▶ TASK ITEM
Extract, verbatim, all lines starting at the one containing "this 1920×1440 image." and ending with the final line of the listing, and no others.
BEGIN SOURCE RECORDS
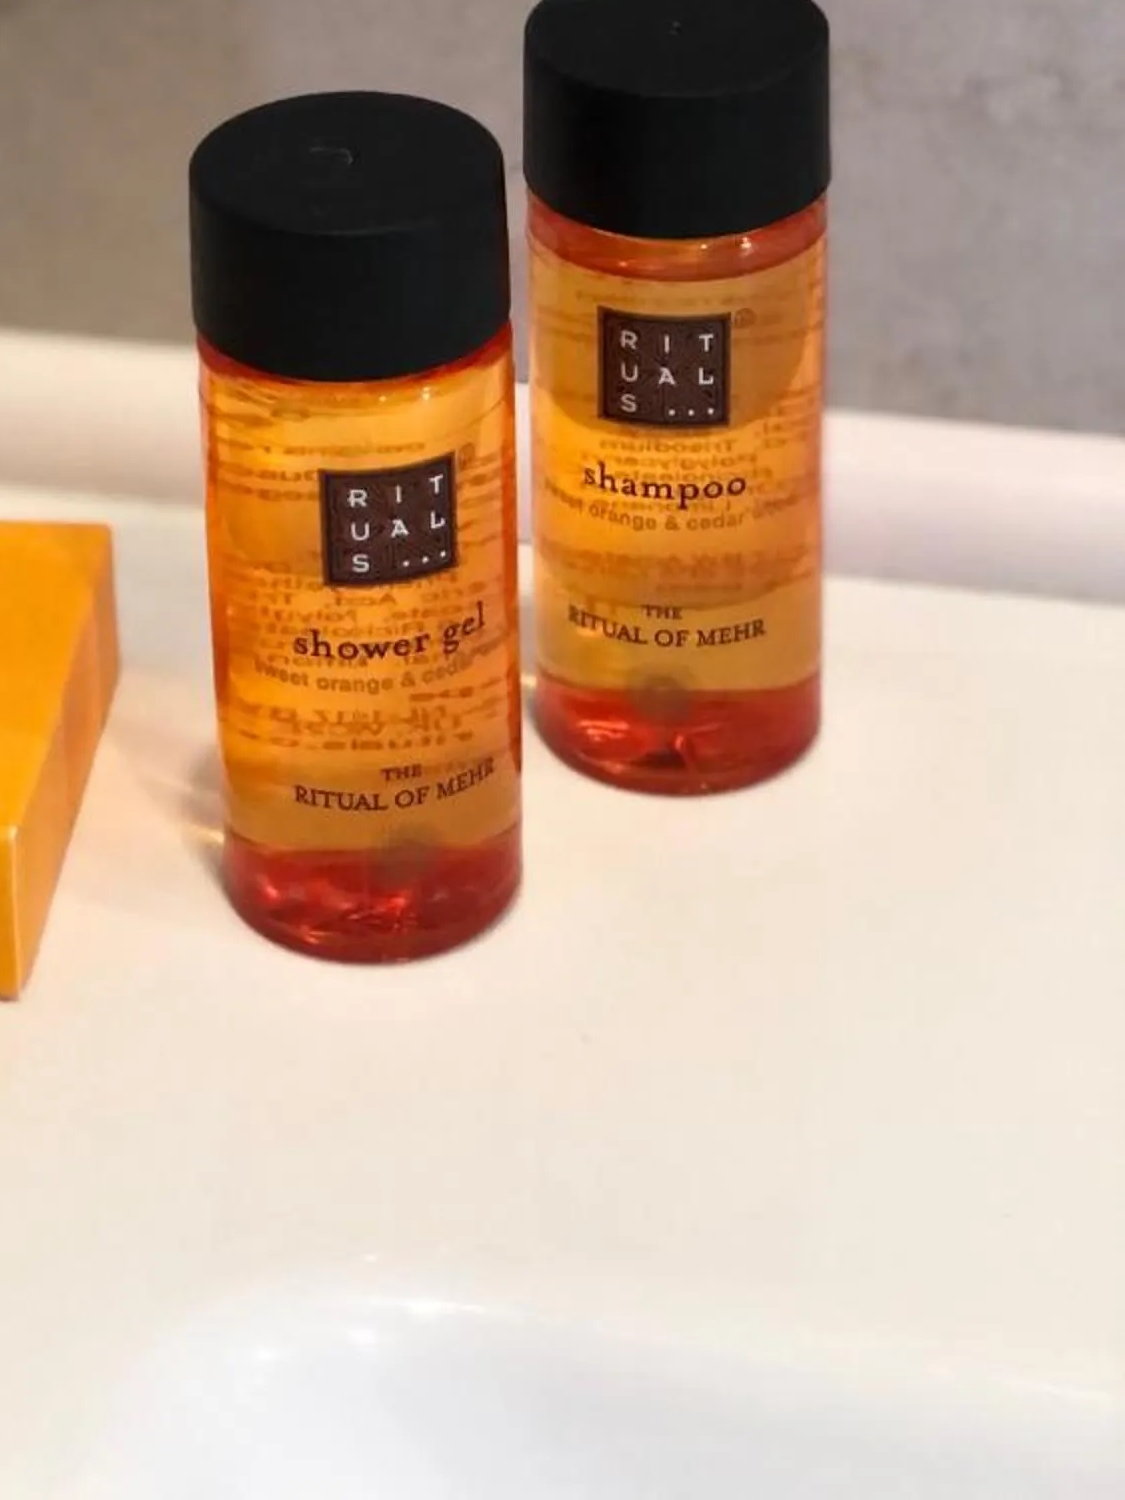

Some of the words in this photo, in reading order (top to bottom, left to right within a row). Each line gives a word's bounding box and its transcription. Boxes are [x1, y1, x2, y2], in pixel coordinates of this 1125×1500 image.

[584, 460, 747, 510] shampoo
[588, 501, 658, 532] orange
[664, 516, 681, 531] &
[686, 509, 745, 531] cedar
[293, 627, 432, 660] shower
[441, 599, 487, 655] gel
[567, 603, 648, 646] RITUAL
[654, 628, 691, 648] OF
[695, 617, 767, 648] MEHR
[640, 604, 683, 620] THE
[316, 674, 394, 695] orange
[400, 670, 416, 689] &
[294, 784, 389, 812] RITUAL
[394, 785, 431, 809] OF
[436, 756, 495, 800] MEHR
[380, 763, 422, 782] THE
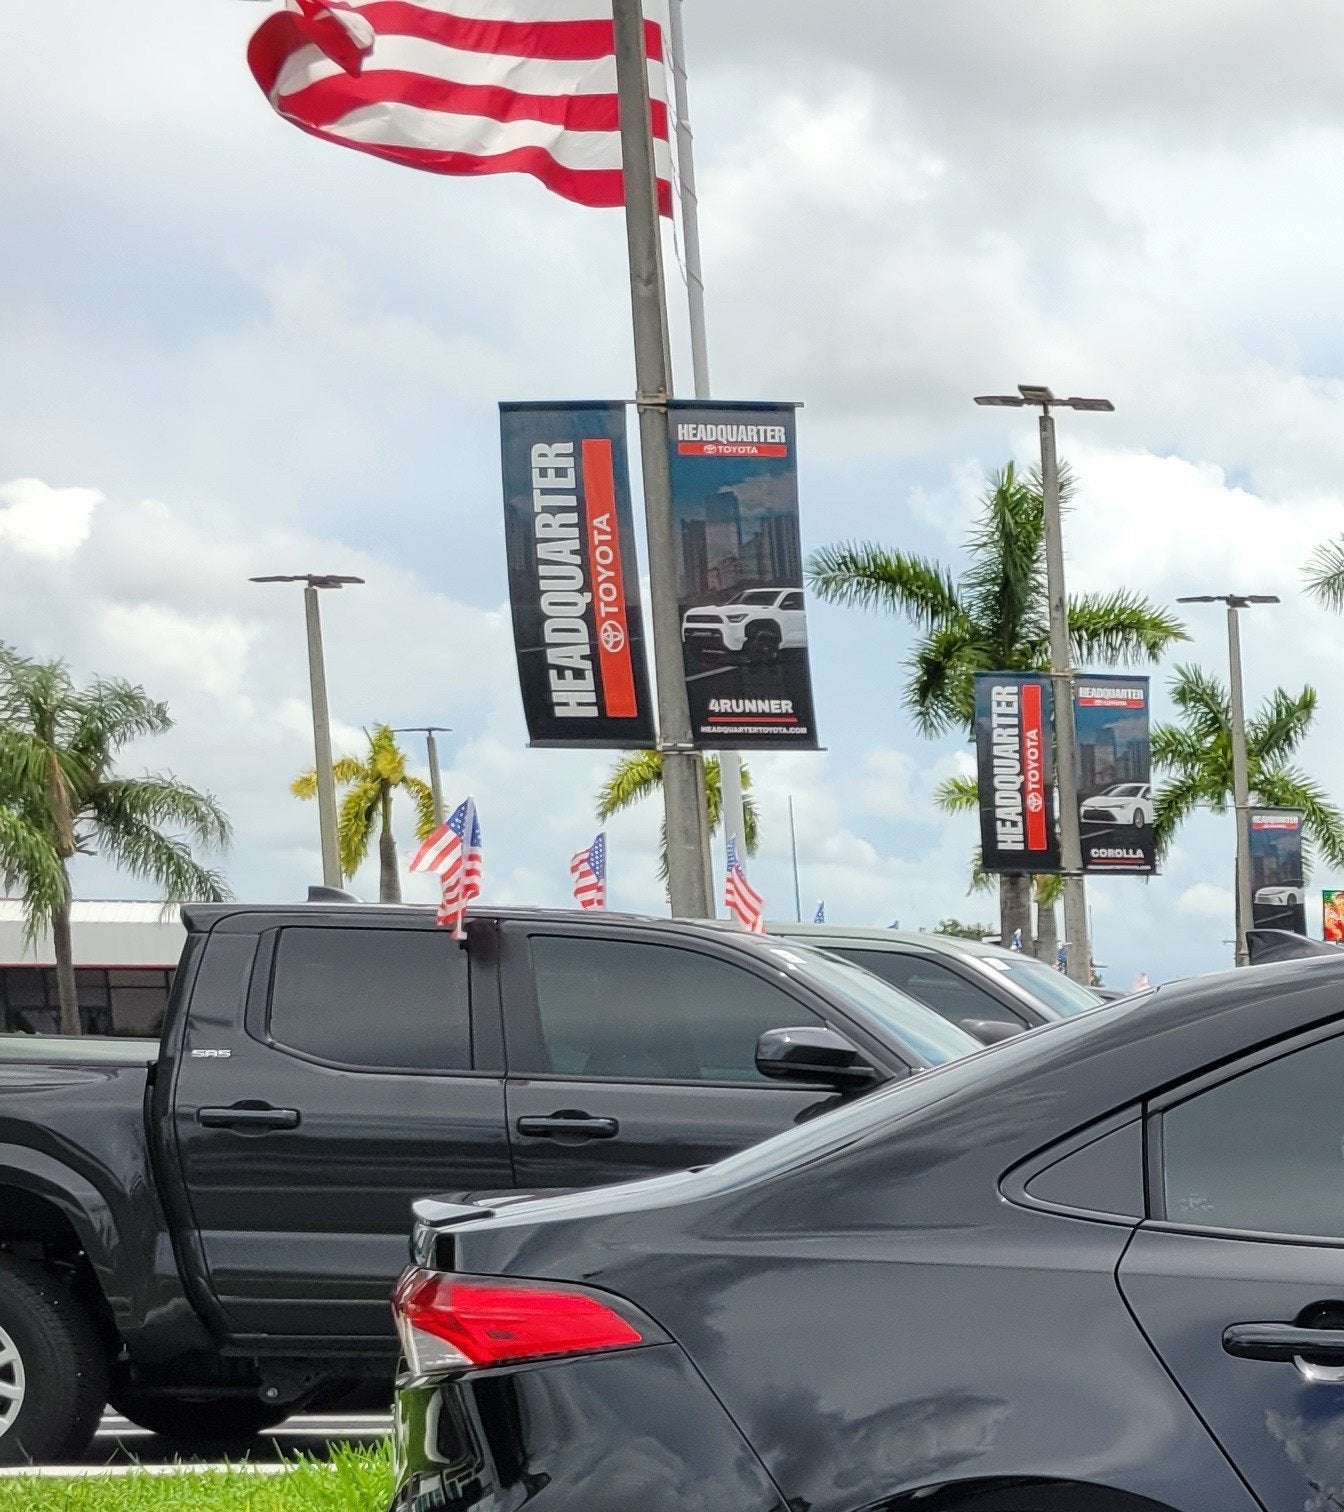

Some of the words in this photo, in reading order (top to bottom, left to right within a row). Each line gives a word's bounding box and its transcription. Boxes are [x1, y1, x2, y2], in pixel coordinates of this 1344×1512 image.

[677, 423, 786, 444] HEADQUARTER
[718, 445, 759, 454] TOYOTA
[531, 442, 600, 718] HEADQUARTER
[593, 513, 618, 617] TOYOTA
[708, 698, 794, 714] 4RUNNER
[991, 685, 1025, 850] HEADQUARTER
[1026, 729, 1041, 790] TOYOTA
[1090, 848, 1145, 859] COROLLA
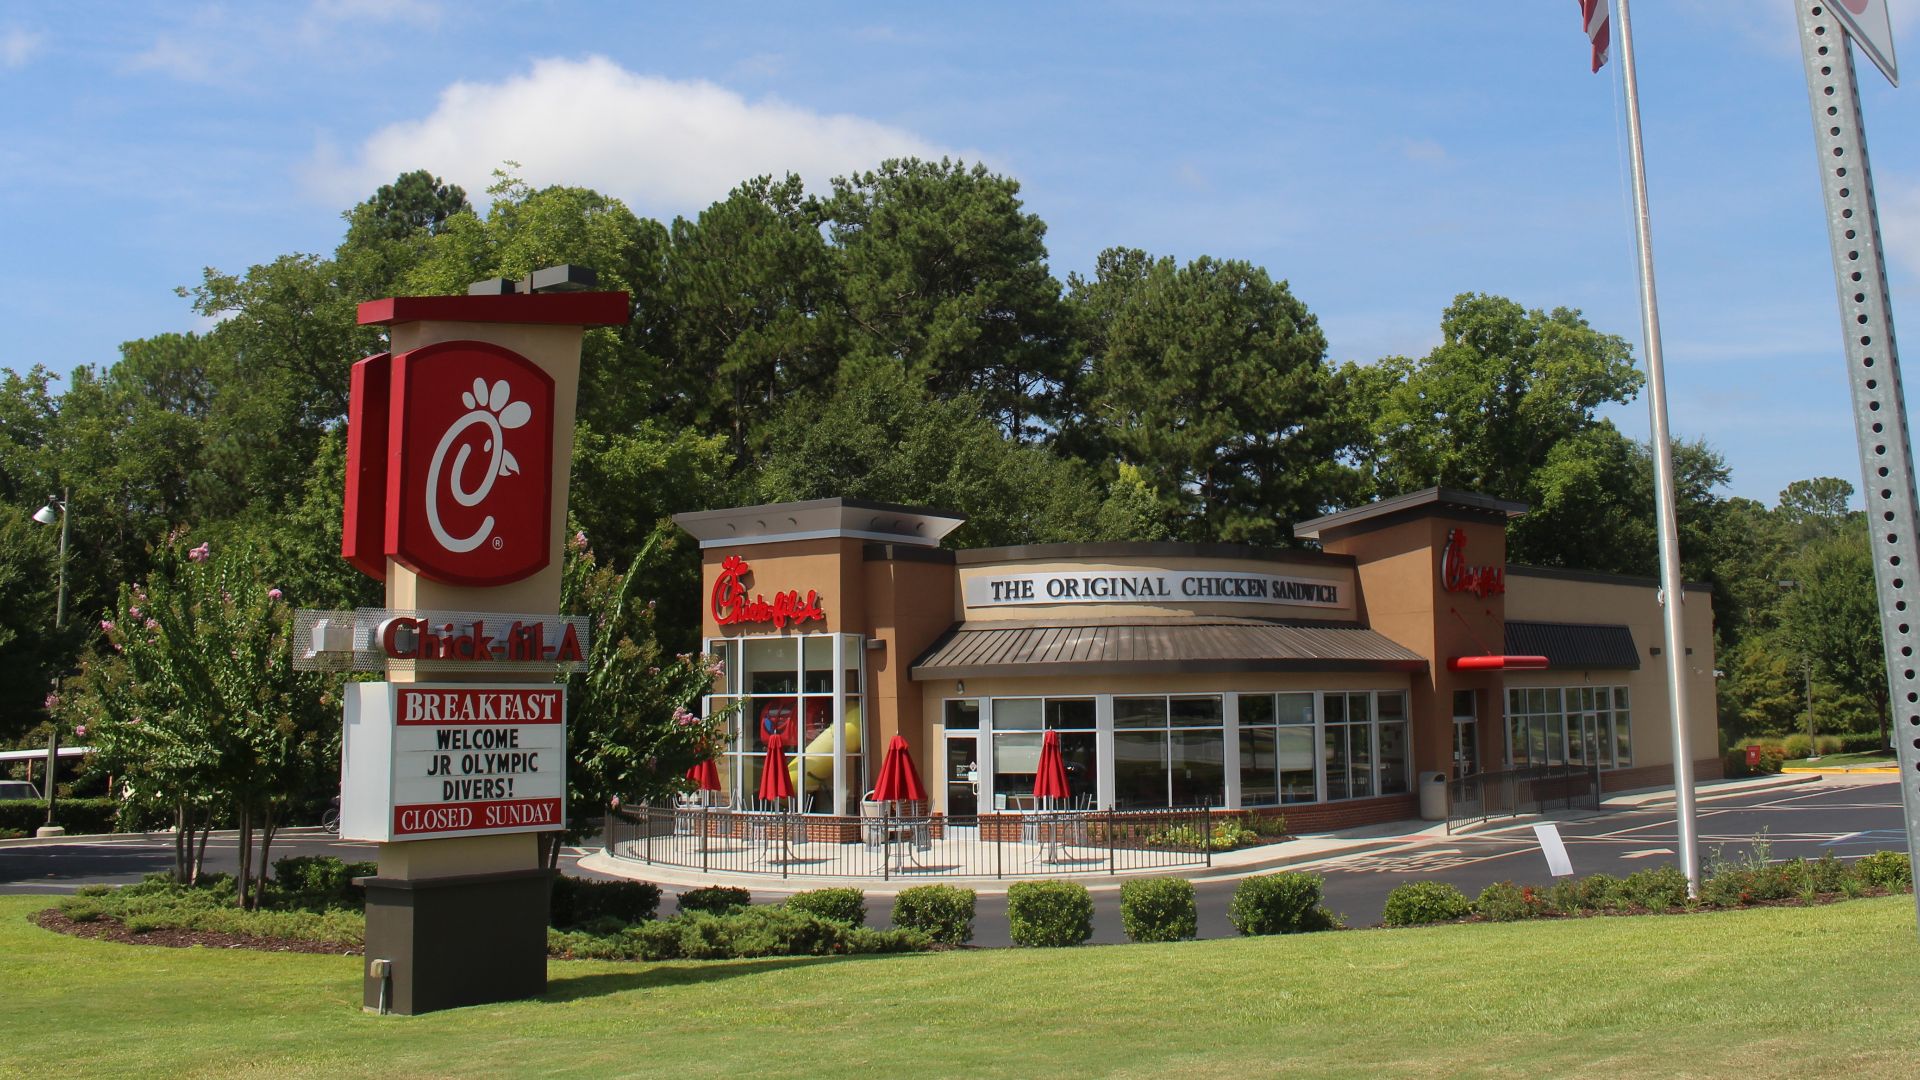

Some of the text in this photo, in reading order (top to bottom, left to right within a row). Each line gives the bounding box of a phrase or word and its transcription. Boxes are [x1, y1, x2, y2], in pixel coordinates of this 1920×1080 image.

[991, 577, 1338, 603] THE ORIGINAL CHICKEN SANDWICH
[383, 617, 585, 661] Chick-fil-A
[405, 692, 556, 721] BREAKFAST
[436, 729, 519, 750] WELCOME
[427, 752, 538, 776] JR OLYMPIC
[443, 778, 514, 801] DIVERS!
[401, 803, 554, 831] CLOSED SUNDAY
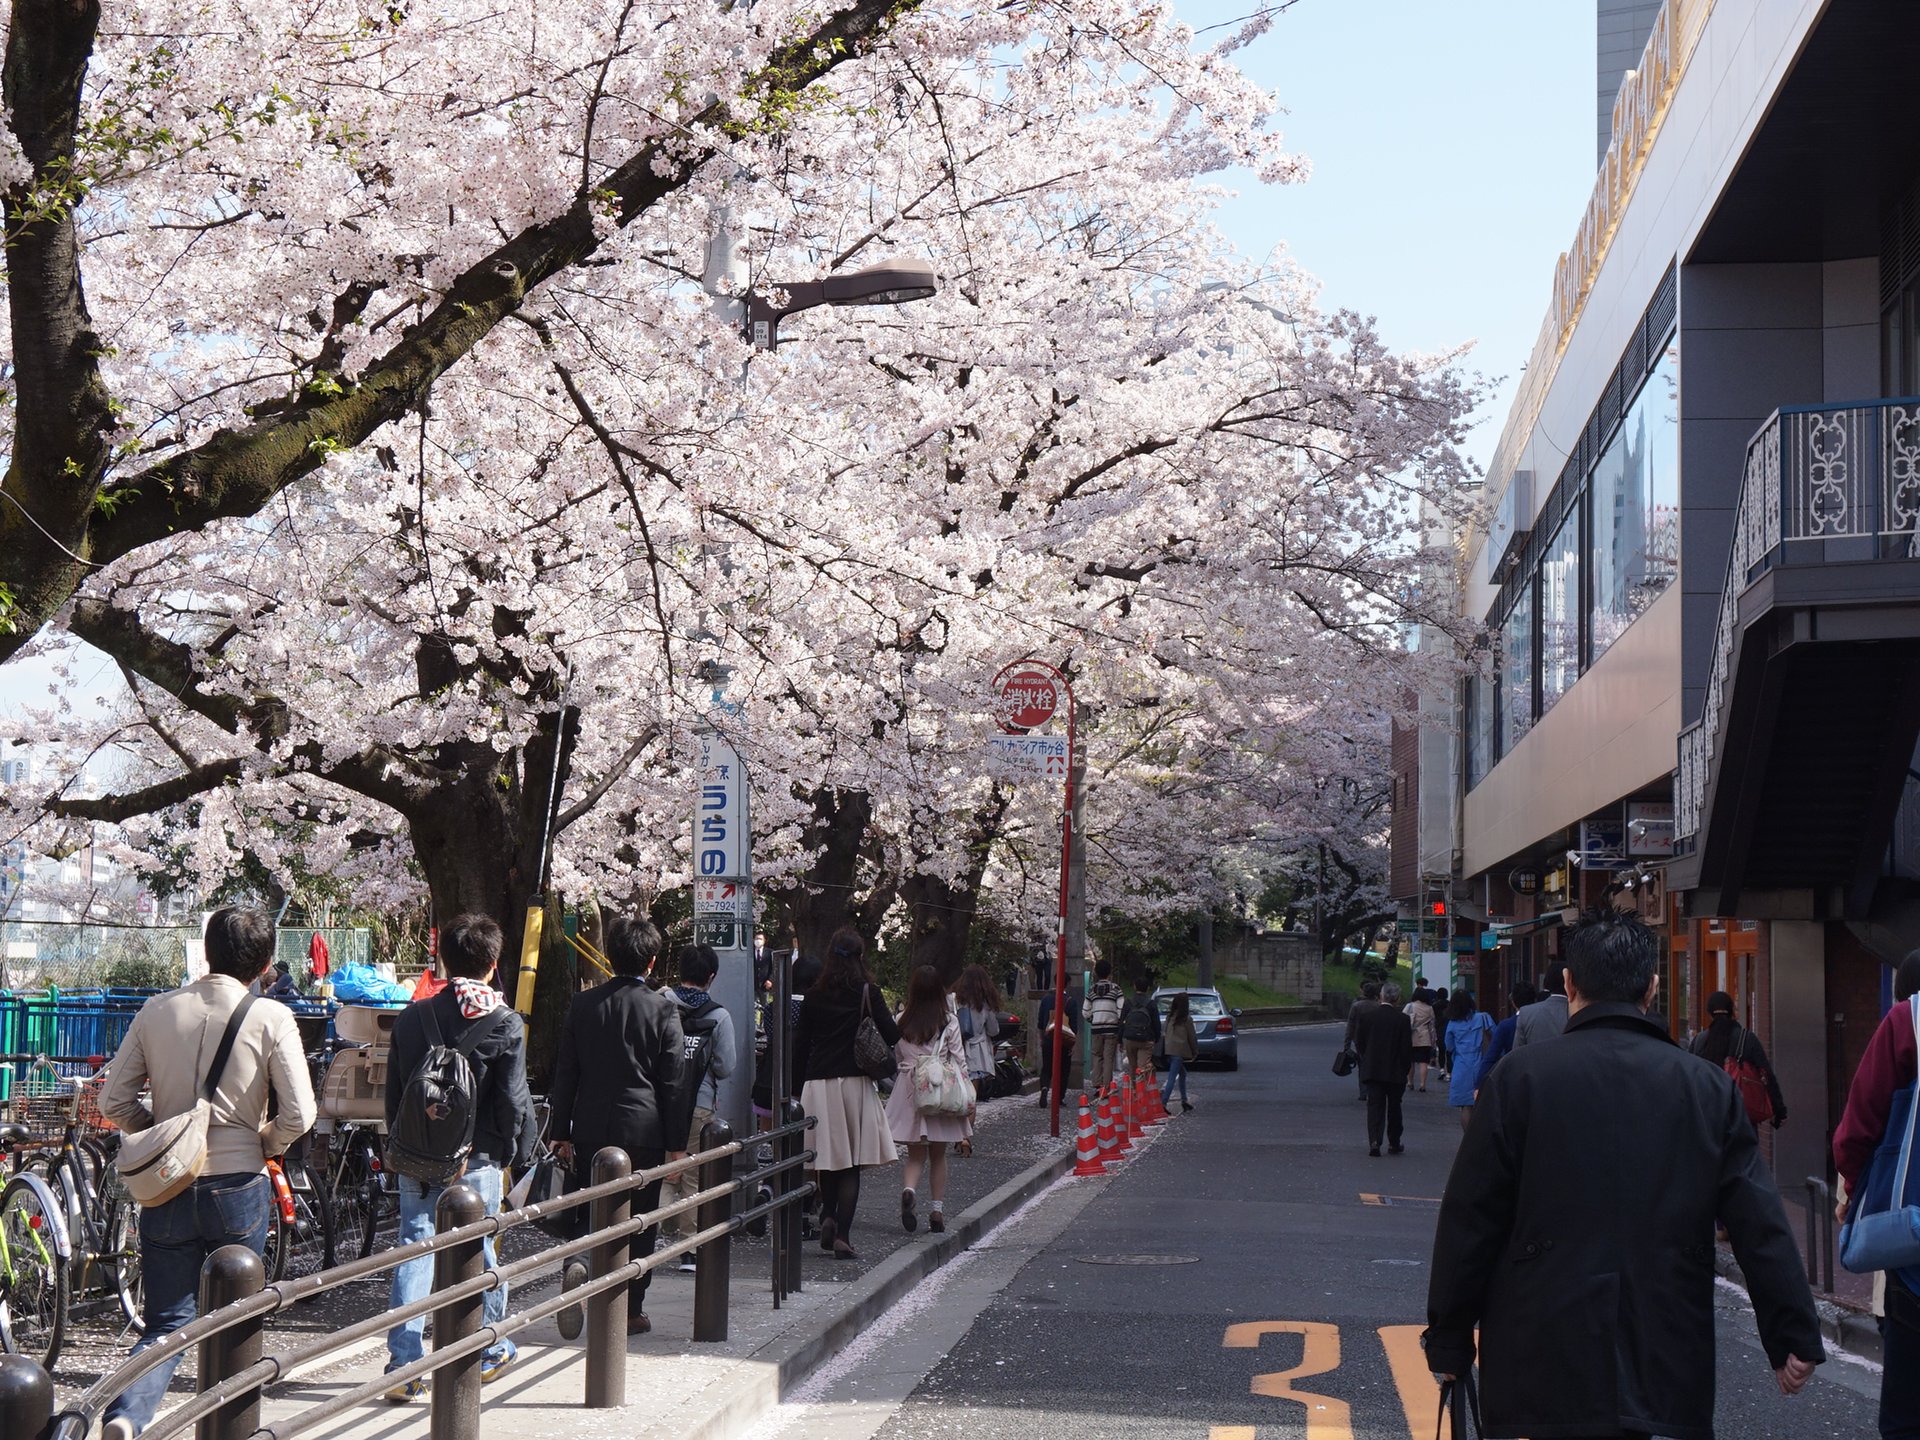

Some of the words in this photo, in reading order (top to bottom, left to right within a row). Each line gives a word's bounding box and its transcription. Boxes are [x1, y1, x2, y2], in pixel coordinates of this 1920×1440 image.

[1006, 688, 1054, 712] 消火栓
[701, 785, 727, 875] うちの
[699, 923, 728, 933] 九段北
[702, 936, 723, 945] 4-4
END SOURCE RECORDS
▶ ANSWER AREA
Some of the words in this photo, in reading order (top to bottom, left to right within a row). Each line gives a word's bounding box and its transcription. Boxes are [x1, y1, x2, y2], in pixel coordinates of this 1920×1440 image.

[1006, 688, 1054, 712] 消火栓
[701, 785, 727, 875] うちの
[699, 923, 728, 933] 九段北
[702, 936, 723, 945] 4-4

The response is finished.